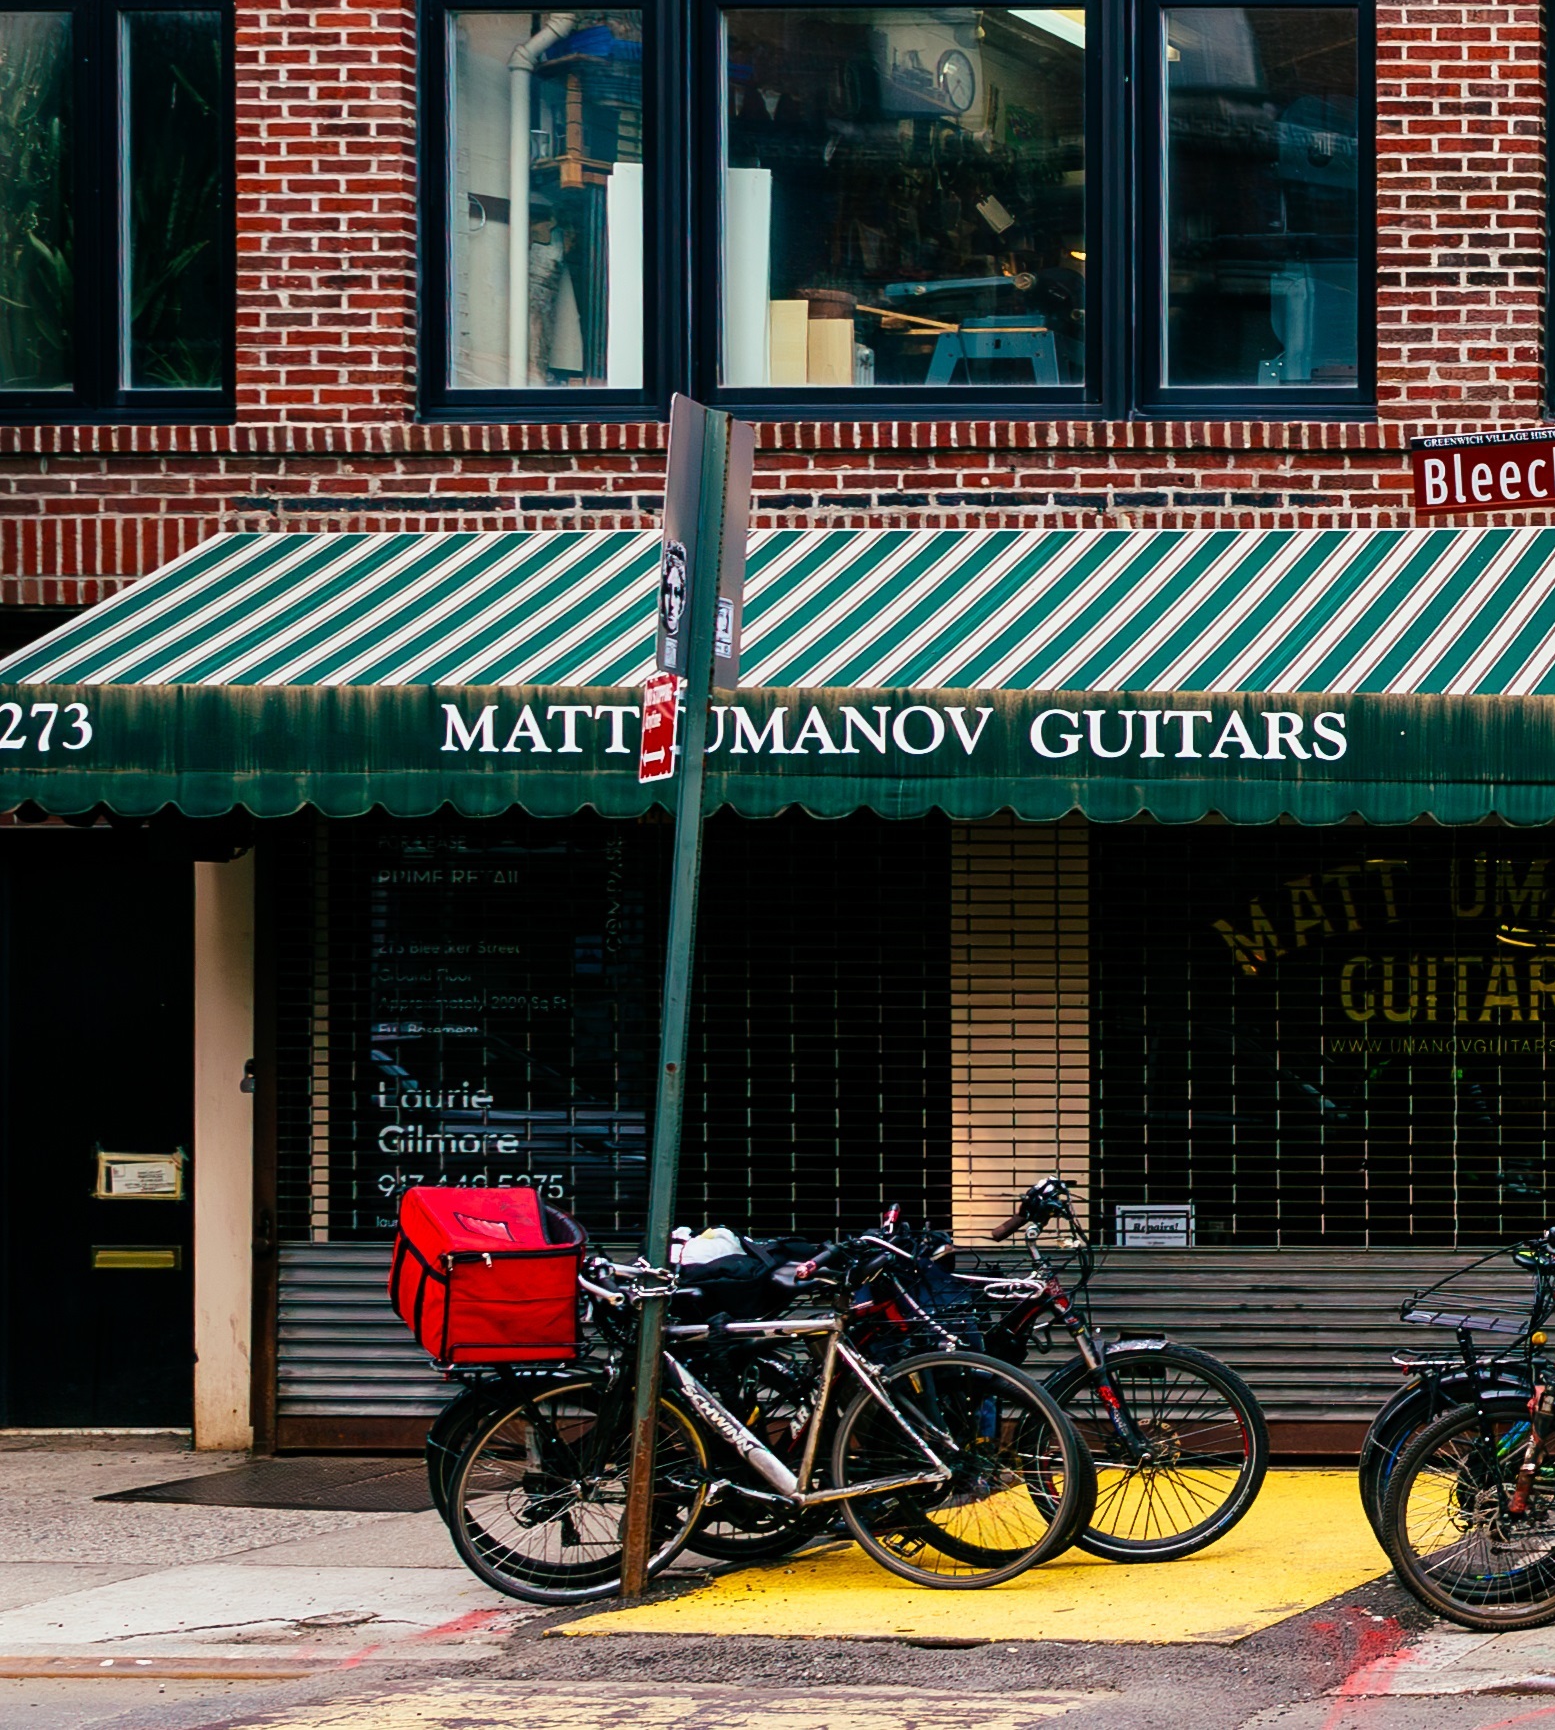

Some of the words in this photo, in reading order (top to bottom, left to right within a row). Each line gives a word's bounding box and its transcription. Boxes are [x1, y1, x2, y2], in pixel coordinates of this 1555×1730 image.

[1424, 434, 1483, 448] GREENWICH
[1486, 431, 1529, 444] VILLAGE
[0, 702, 93, 752] 273
[440, 703, 640, 754] MATT
[1029, 707, 1349, 762] GUITARS
[452, 870, 518, 884] REAIL
[1210, 858, 1408, 976] MATT
[378, 1081, 494, 1110] Laurie
[377, 1124, 519, 1154] Gilmore
[681, 1384, 754, 1453] SCHWINN

━━━━━━━━━━━━━━━━━━━━

Work instructions: Reproduce the data word for word without its images.

Task result:
Some of the words in this photo, in reading order (top to bottom, left to right within a row). Each line gives a word's bounding box and its transcription. Boxes are [x1, y1, x2, y2], in pixel coordinates of this 1555×1730 image.

[1424, 434, 1483, 448] GREENWICH
[1486, 431, 1529, 444] VILLAGE
[0, 702, 93, 752] 273
[440, 703, 640, 754] MATT
[1029, 707, 1349, 762] GUITARS
[452, 870, 518, 884] REAIL
[1210, 858, 1408, 976] MATT
[378, 1081, 494, 1110] Laurie
[377, 1124, 519, 1154] Gilmore
[681, 1384, 754, 1453] SCHWINN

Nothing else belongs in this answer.